• **WHAT YOU ARE ASKED TO DO**
Copy out all the records, word for word.

• **EXERCISE DATA**

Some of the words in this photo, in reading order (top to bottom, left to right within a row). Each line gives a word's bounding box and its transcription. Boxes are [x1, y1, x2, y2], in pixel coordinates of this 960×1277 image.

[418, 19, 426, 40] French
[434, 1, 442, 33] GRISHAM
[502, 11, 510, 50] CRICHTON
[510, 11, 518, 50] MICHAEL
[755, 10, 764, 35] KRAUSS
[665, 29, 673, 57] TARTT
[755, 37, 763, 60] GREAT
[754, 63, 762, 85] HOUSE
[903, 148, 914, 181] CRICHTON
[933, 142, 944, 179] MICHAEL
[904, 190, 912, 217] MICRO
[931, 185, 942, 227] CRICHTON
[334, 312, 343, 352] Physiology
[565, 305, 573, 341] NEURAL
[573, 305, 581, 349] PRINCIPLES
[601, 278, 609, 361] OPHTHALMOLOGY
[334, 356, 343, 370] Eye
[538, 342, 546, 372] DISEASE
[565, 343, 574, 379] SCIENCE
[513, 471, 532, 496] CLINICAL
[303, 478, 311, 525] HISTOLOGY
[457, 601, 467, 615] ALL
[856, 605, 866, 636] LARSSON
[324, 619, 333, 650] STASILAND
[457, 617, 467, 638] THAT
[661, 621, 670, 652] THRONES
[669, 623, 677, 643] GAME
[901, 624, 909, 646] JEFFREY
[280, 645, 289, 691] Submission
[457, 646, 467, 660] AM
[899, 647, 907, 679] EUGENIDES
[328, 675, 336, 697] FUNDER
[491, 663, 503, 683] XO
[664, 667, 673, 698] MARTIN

• **SOLUTION FOR THIS EXERCISE**
Some of the words in this photo, in reading order (top to bottom, left to right within a row). Each line gives a word's bounding box and its transcription. Boxes are [x1, y1, x2, y2], in pixel coordinates of this 960×1277 image.

[418, 19, 426, 40] French
[434, 1, 442, 33] GRISHAM
[502, 11, 510, 50] CRICHTON
[510, 11, 518, 50] MICHAEL
[755, 10, 764, 35] KRAUSS
[665, 29, 673, 57] TARTT
[755, 37, 763, 60] GREAT
[754, 63, 762, 85] HOUSE
[903, 148, 914, 181] CRICHTON
[933, 142, 944, 179] MICHAEL
[904, 190, 912, 217] MICRO
[931, 185, 942, 227] CRICHTON
[334, 312, 343, 352] Physiology
[565, 305, 573, 341] NEURAL
[573, 305, 581, 349] PRINCIPLES
[601, 278, 609, 361] OPHTHALMOLOGY
[334, 356, 343, 370] Eye
[538, 342, 546, 372] DISEASE
[565, 343, 574, 379] SCIENCE
[513, 471, 532, 496] CLINICAL
[303, 478, 311, 525] HISTOLOGY
[457, 601, 467, 615] ALL
[856, 605, 866, 636] LARSSON
[324, 619, 333, 650] STASILAND
[457, 617, 467, 638] THAT
[661, 621, 670, 652] THRONES
[669, 623, 677, 643] GAME
[901, 624, 909, 646] JEFFREY
[280, 645, 289, 691] Submission
[457, 646, 467, 660] AM
[899, 647, 907, 679] EUGENIDES
[328, 675, 336, 697] FUNDER
[491, 663, 503, 683] XO
[664, 667, 673, 698] MARTIN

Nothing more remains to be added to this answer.